En bons éducateurs, les instituteurs appréhendaient la question sur le mode pédagogique : la paix, le rapprochement entre les peuples peuvent s’inculquer, comme l’ont été autrefois la guerre et le nationalisme. Or, établir un autre enseignement exigeait, selon eux, des contacts internationaux importants.

L’activité pacifiste de l’IE se restreignit de plus en plus. Le congrès de 1922 ne plaça pas ce sujet au cœur de ses débats. Quatre ans après l’armistice, les préoccupations étaient autres, pédagogiques et syndicales en particulier. Le bulletin n’y consacra plus d’article. Désormais, ses préoccupations s’exprimèrent surtout par le canal pédagogique.

L’intérêt de l’IE pour la pédagogie était stimulé par la critique d’une école qui ne sert qu’à perpétuer la domination de la bourgeoisie, école de classe en somme. En outre, l’idéal des instituteurs révolutionnaires incluait la participation au combat contre les formes classiques d’enseignement, considéré comme passif et académique. Des syndicalistes, tel le jeune Célestin Freinet, ambitionnaient d’introduire ces innovations dans leurs classes. De plus, une expérience pédagogique unique débutait en Russie : la construction d’une école nouvelle, allégée de ses tares tsaristes, dans un pays majoritairement analphabète et détruit par la guerre.

Cependant, certains militants exprimaient quelques réticences. Dès le Congrès fondateur de Bordeaux, Abigaille Zanetta critiquait ces Internationales pédagogiques qui "ne touchent pas au fond, mais seulement aux petits détails de l’école." . Ils ressentaient sans doute le risque que l’IE ne devienne l’affaire de quelques spécialistes, et que, par suite de débats trop obscurs, elle ne se coupe de ses adhérents.

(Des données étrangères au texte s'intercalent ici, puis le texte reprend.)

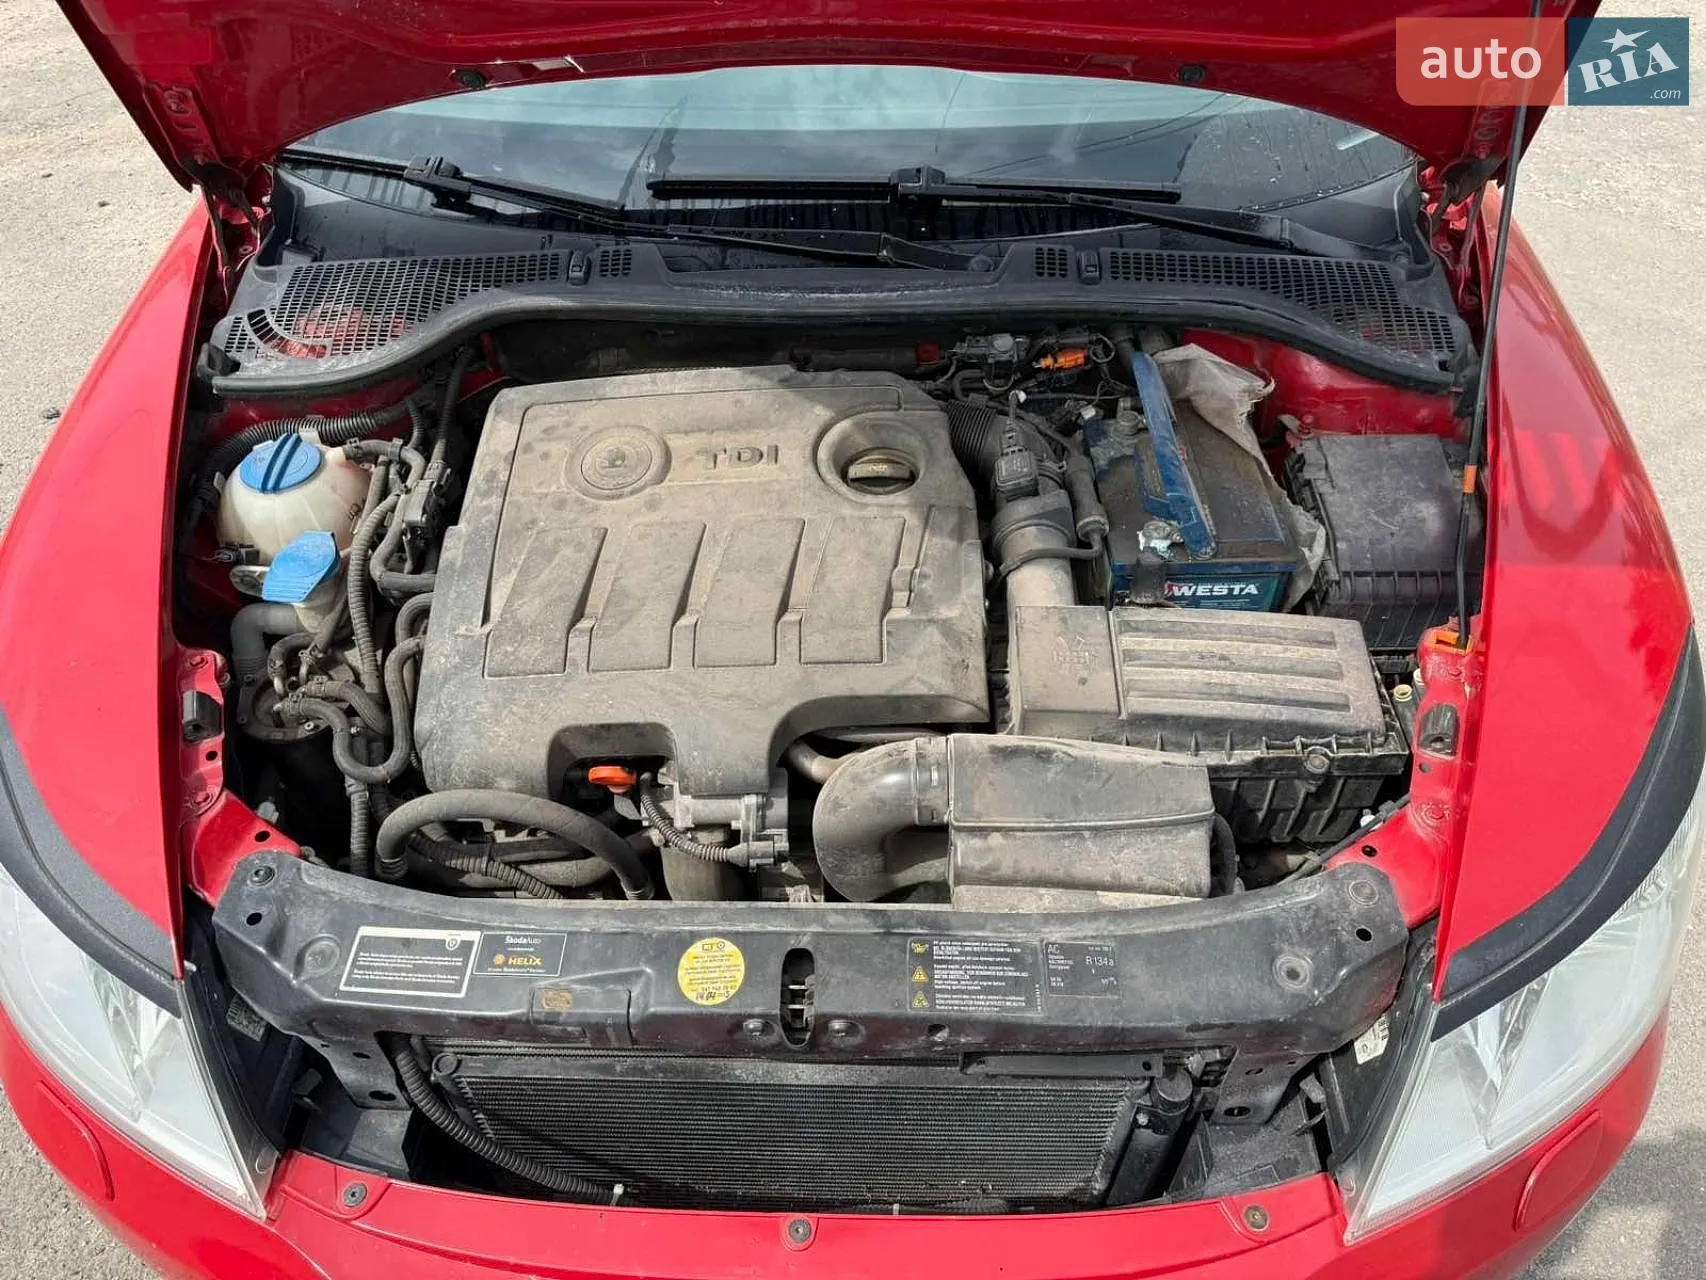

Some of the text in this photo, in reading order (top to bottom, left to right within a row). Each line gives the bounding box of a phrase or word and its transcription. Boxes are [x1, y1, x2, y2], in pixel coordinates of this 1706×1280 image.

Le conflit avec les conceptions bolcheviques

L’IE manifestait également une certaine séduction pour les théories libertaires, qui concordait avec les options de ses fondateurs. Plusieurs se retrouvèrent ultérieurement dans la Ligue Syndicaliste . Cette tendance minoritaire de la CGTU et de la Fédération, créée en 1925 par Pierre Monatte, défendait la charte d’Amiens contre le noyautage communiste, au nom des traditions du syndicalisme révolutionnaire français. Les communistes commençaient seulement à assimiler les théories bolchéviques, et des militants comme Louis Bouët et ses amis, pourtant membres du Parti, restaient fondamentalement syndicalistes-révolutionnaires.

L’Internationale Syndicale Rouge comprenait, depuis sa fondation à l’été 1921, un Comité International de Propagande (CIP) de l’Enseignement qui tentait de concurrencer l’IE avec principalement les syndicats russes et bulgares. Les CIP étaient conçus pour noyauter les internationales professionnelles réformistes et constituer des embryons d’internationales révolutionnaires. Peu d’éléments avaient manqué pour que l’IE ne prenne cette forme. En février 1921, le Sindacato proposait l’adhésion de l’IE à l’ISR, approuvé par le Conseil Fédéral français. Cependant, une telle option risquait de freiner la croissance de l’IE, notamment en empêchant l’adhésion de la Centrale belge, réformiste. Aussi certains souhaitaient-ils rassembler sur des bases plus larges.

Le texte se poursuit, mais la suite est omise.